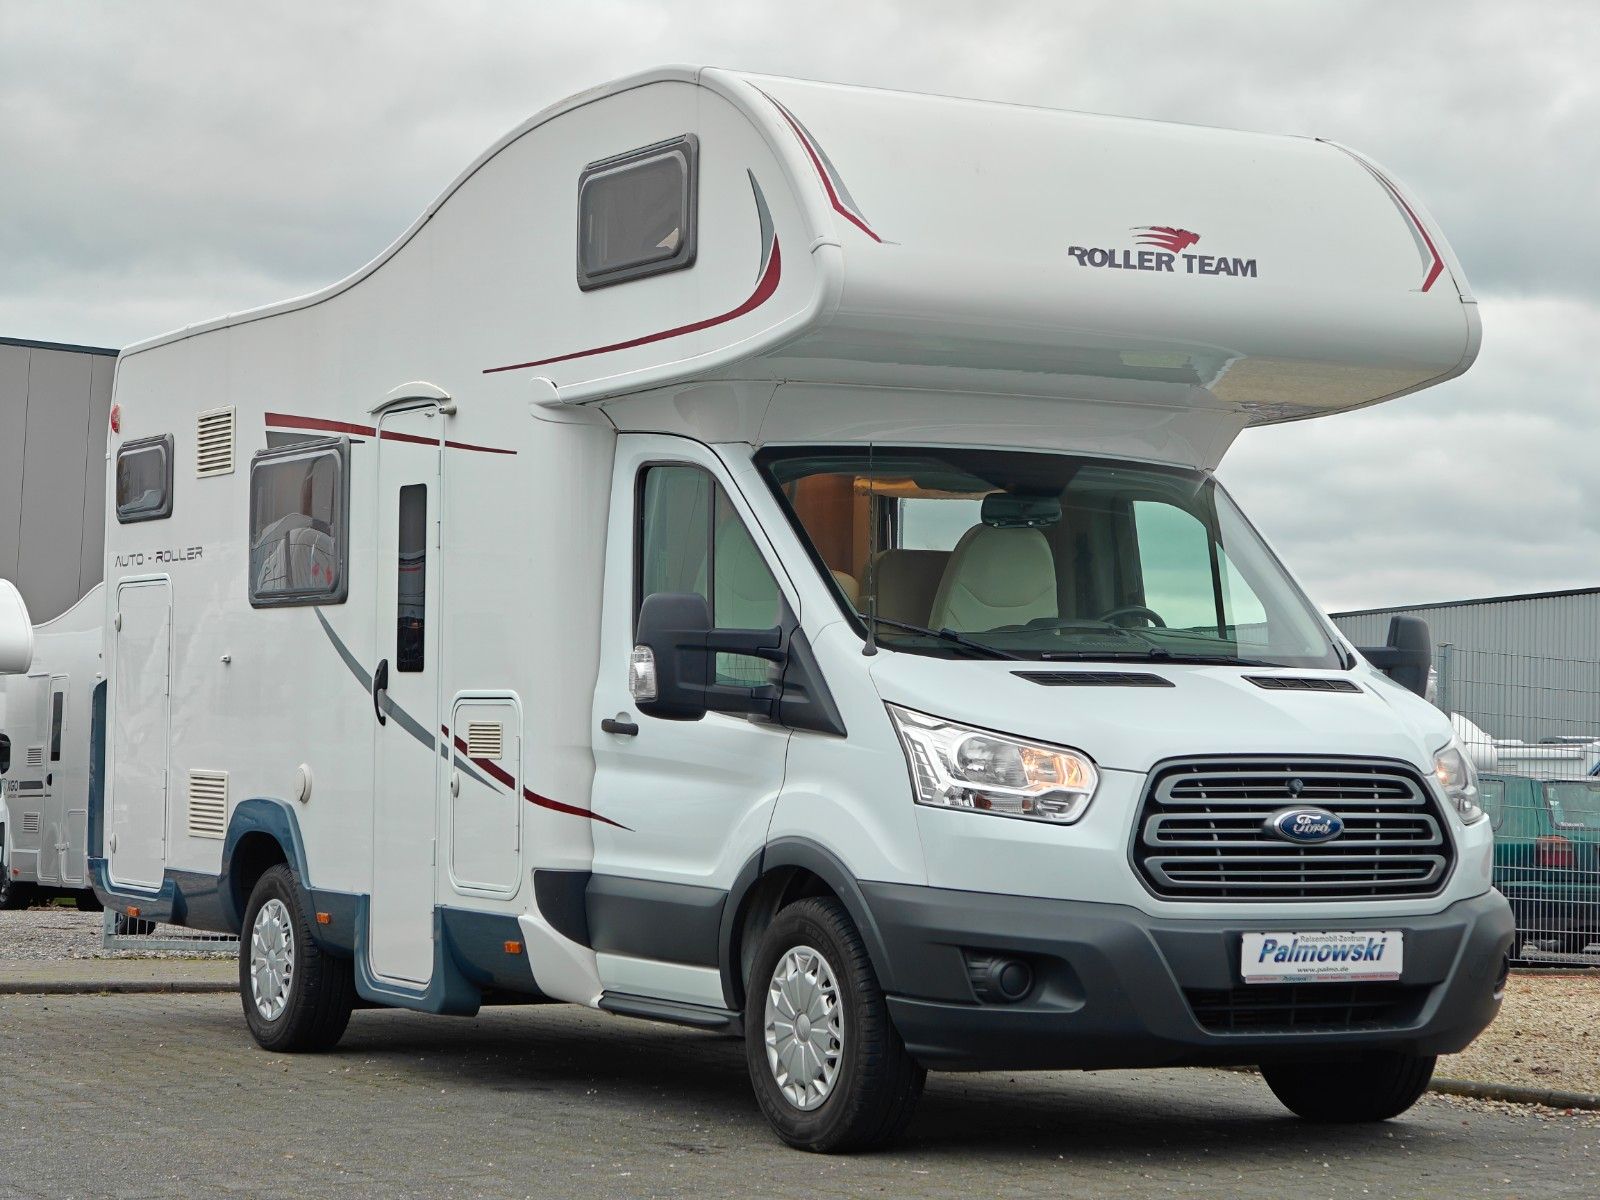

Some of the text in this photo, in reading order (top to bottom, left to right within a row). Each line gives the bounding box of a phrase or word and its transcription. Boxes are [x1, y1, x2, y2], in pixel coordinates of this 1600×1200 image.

[1067, 245, 1258, 278] ROLLER TEAM
[114, 553, 144, 568] AUTO
[155, 546, 203, 564] ROLLER
[1293, 814, 1331, 835] Ford
[1258, 937, 1388, 963] Palmowski
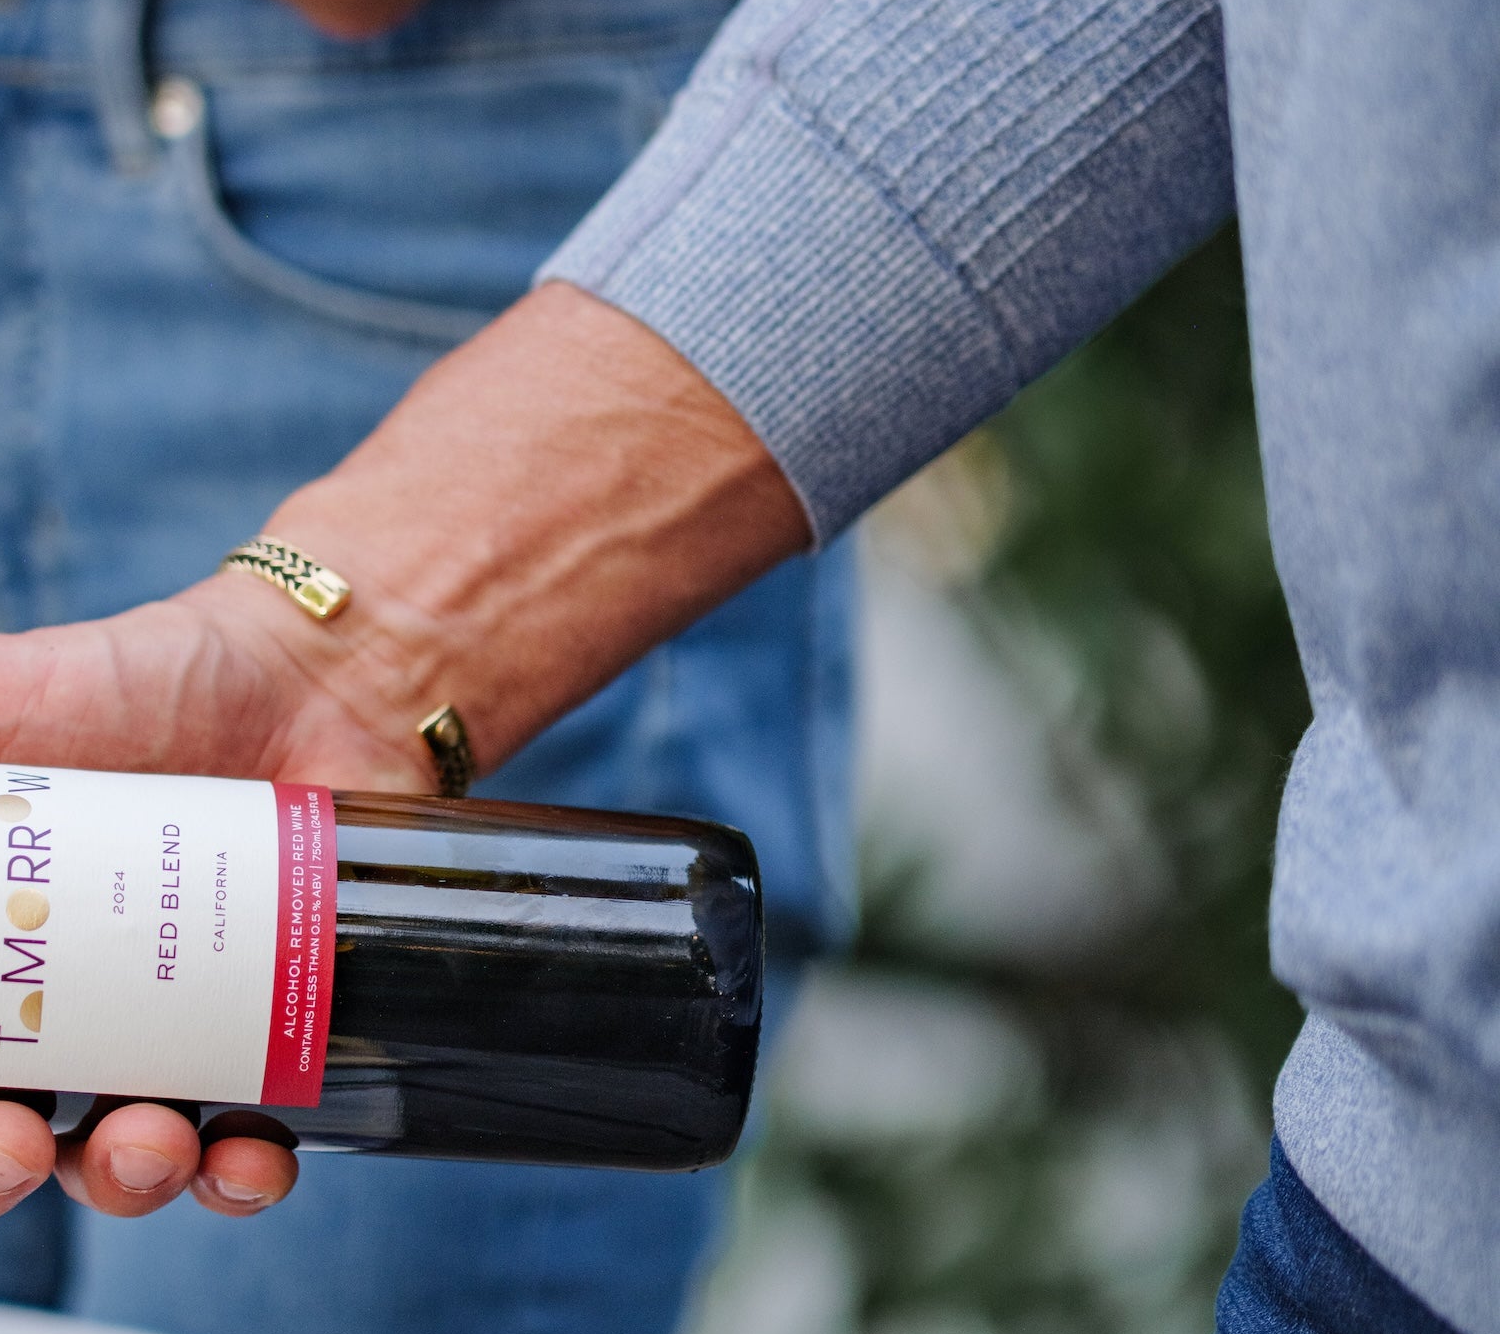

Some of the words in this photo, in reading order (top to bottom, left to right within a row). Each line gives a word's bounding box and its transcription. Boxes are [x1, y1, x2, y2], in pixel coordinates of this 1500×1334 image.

[290, 804, 304, 831] WINE
[161, 823, 181, 910] BLEND
[292, 834, 304, 861] RED
[311, 829, 322, 861] 750mL
[113, 870, 125, 915] 2024
[213, 851, 228, 952] CALIFORNIA
[290, 866, 304, 948] REMOVED
[312, 873, 322, 898] ABV
[157, 922, 178, 980] RED
[308, 938, 320, 973] THAN
[283, 954, 302, 1038] ALCOHOL
[305, 974, 318, 1008] LESS
[299, 1010, 315, 1072] CONTAINS

How to complete this task:
Please repeat the data above exactly as it appears, pictures excluded.

Task answer:
Some of the text in this photo, in reading order (top to bottom, left to right within a row). Each line gives the bounding box of a phrase or word and its transcription. Boxes are [x1, y1, x2, y2], in pixel coordinates of this 1600×1200 image.

[1067, 245, 1258, 278] ROLLER TEAM
[114, 553, 144, 568] AUTO
[155, 546, 203, 564] ROLLER
[1293, 814, 1331, 835] Ford
[1258, 937, 1388, 963] Palmowski

Some of the words in this photo, in reading order (top to bottom, left to right within a row). Each line gives a word's bounding box and its transcription. Boxes are [x1, y1, x2, y2], in pixel coordinates of this 1500×1334 image.

[290, 804, 304, 831] WINE
[161, 823, 181, 910] BLEND
[292, 834, 304, 861] RED
[311, 829, 322, 861] 750mL
[113, 870, 125, 915] 2024
[213, 851, 228, 952] CALIFORNIA
[290, 866, 304, 948] REMOVED
[312, 873, 322, 898] ABV
[157, 922, 178, 980] RED
[308, 938, 320, 973] THAN
[283, 954, 302, 1038] ALCOHOL
[305, 974, 318, 1008] LESS
[299, 1010, 315, 1072] CONTAINS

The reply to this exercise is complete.